═════ RECORD SET ═════
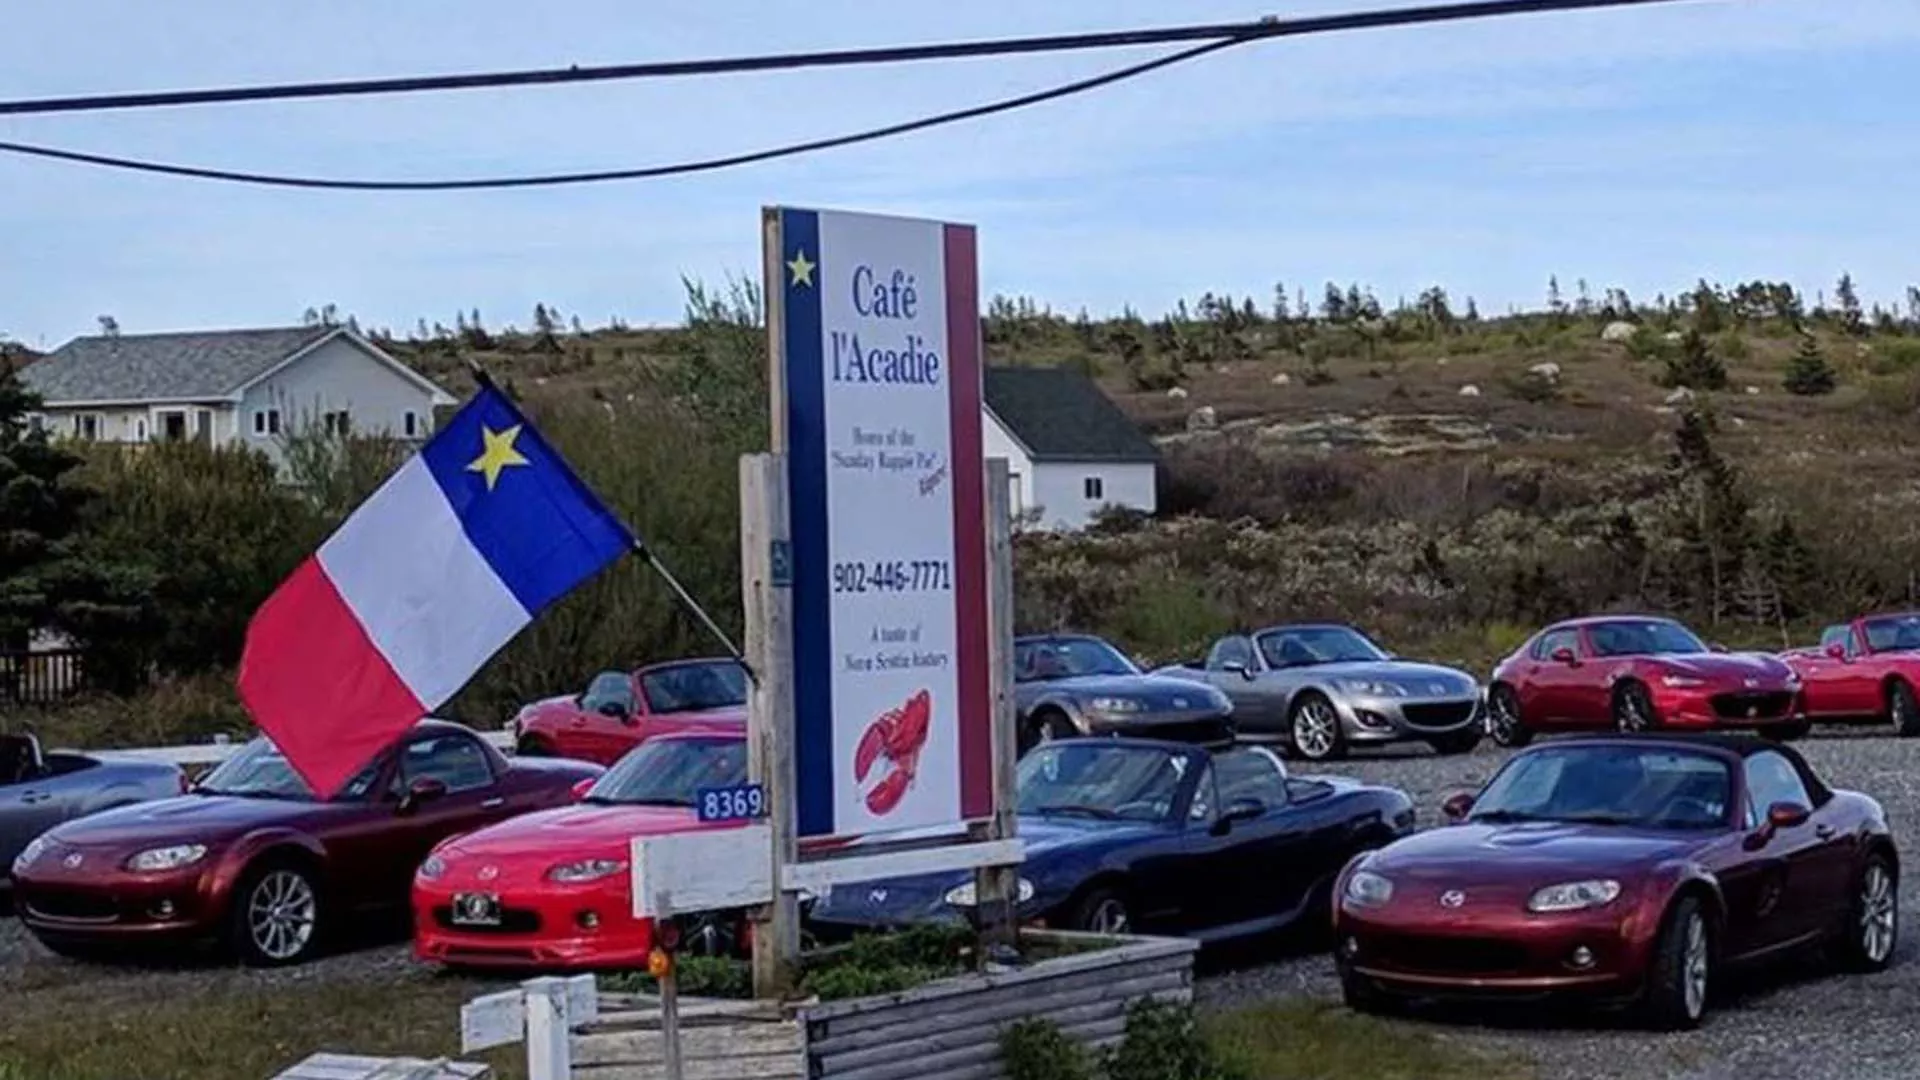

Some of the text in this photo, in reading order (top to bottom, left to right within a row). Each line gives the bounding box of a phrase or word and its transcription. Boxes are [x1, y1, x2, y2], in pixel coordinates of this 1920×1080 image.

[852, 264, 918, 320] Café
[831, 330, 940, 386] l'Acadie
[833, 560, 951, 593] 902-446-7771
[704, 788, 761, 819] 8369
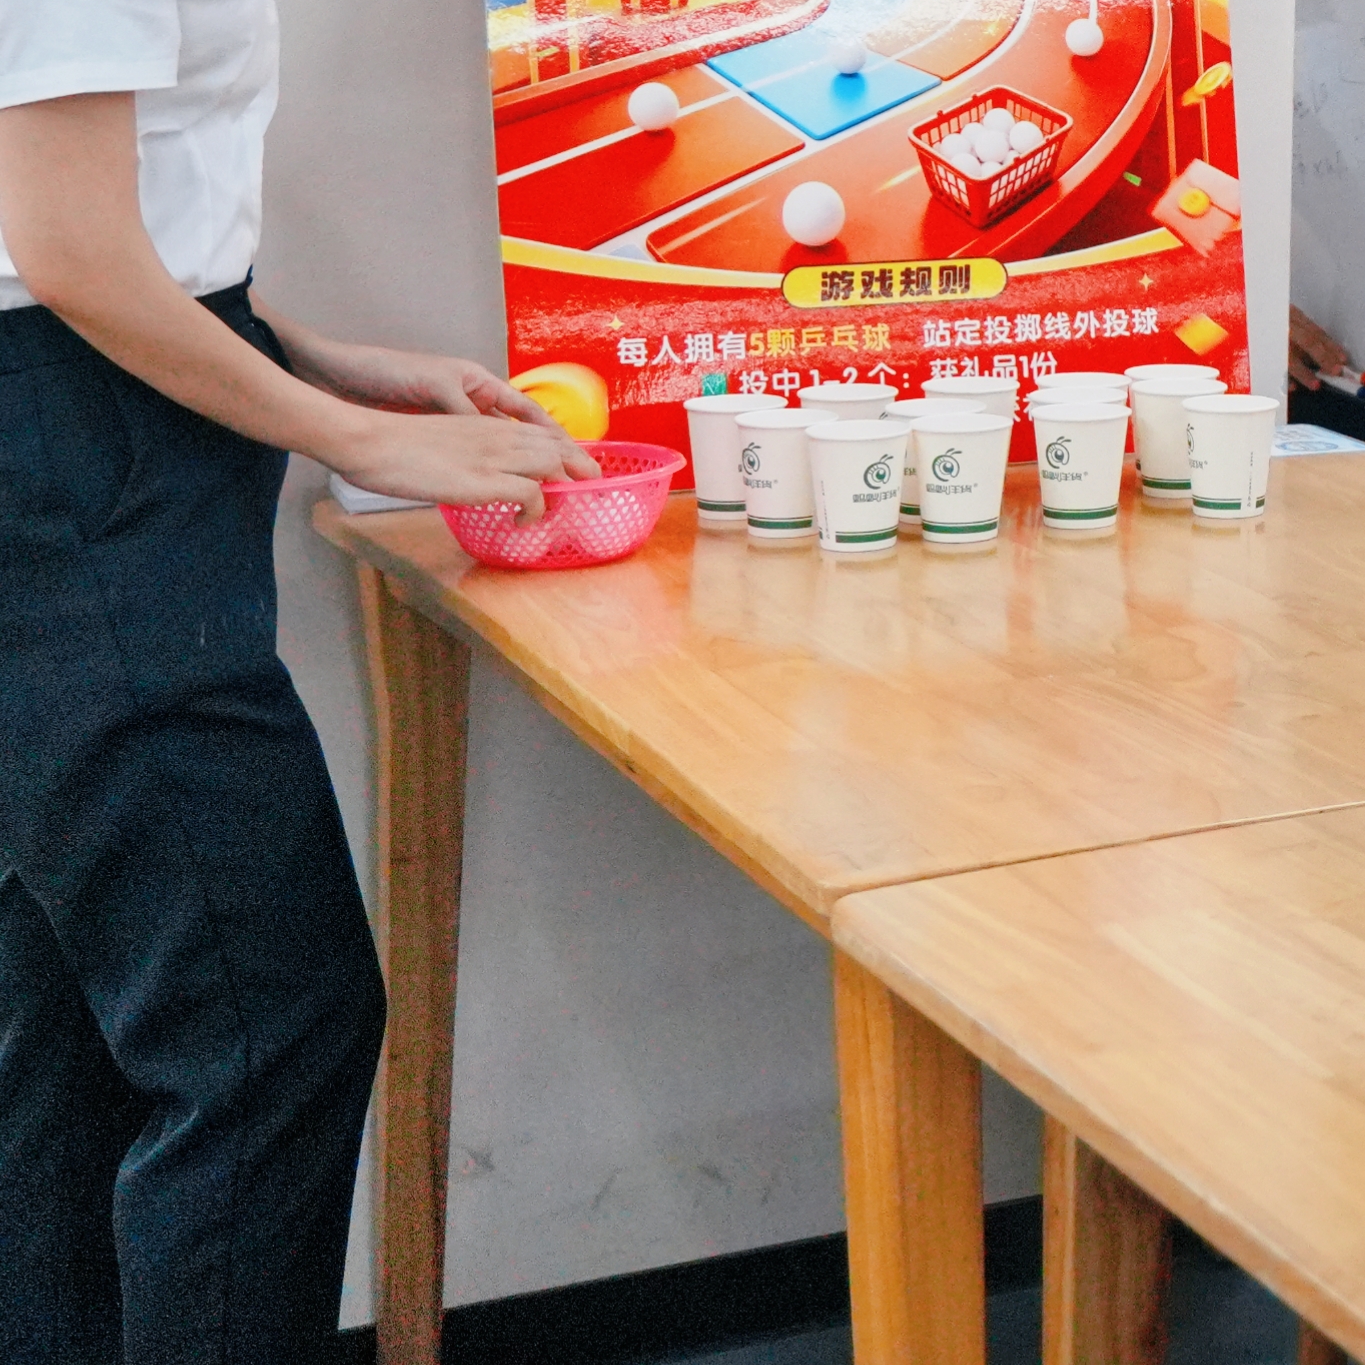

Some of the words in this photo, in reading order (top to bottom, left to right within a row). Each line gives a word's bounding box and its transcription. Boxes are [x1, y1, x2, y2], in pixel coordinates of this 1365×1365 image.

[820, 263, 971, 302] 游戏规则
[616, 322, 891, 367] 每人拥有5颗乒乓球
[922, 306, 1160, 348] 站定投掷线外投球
═════
#### TO DO:
Copy out every entry above word for word; omit the images.

#### TASK OUTPUT:
Some of the text in this photo, in reading order (top to bottom, left to right within a row). Each line gives the bounding box of a phrase or word and its transcription. Boxes are [x1, y1, x2, y2], in pixel coordinates of this 1920×1080 image.

[852, 264, 918, 320] Café
[831, 330, 940, 386] l'Acadie
[833, 560, 951, 593] 902-446-7771
[704, 788, 761, 819] 8369

Some of the words in this photo, in reading order (top to bottom, left to right within a row). Each line gives a word's bounding box and its transcription. Boxes are [x1, y1, x2, y2], in pixel coordinates of this 1365×1365 image.

[820, 263, 971, 302] 游戏规则
[616, 322, 891, 367] 每人拥有5颗乒乓球
[922, 306, 1160, 348] 站定投掷线外投球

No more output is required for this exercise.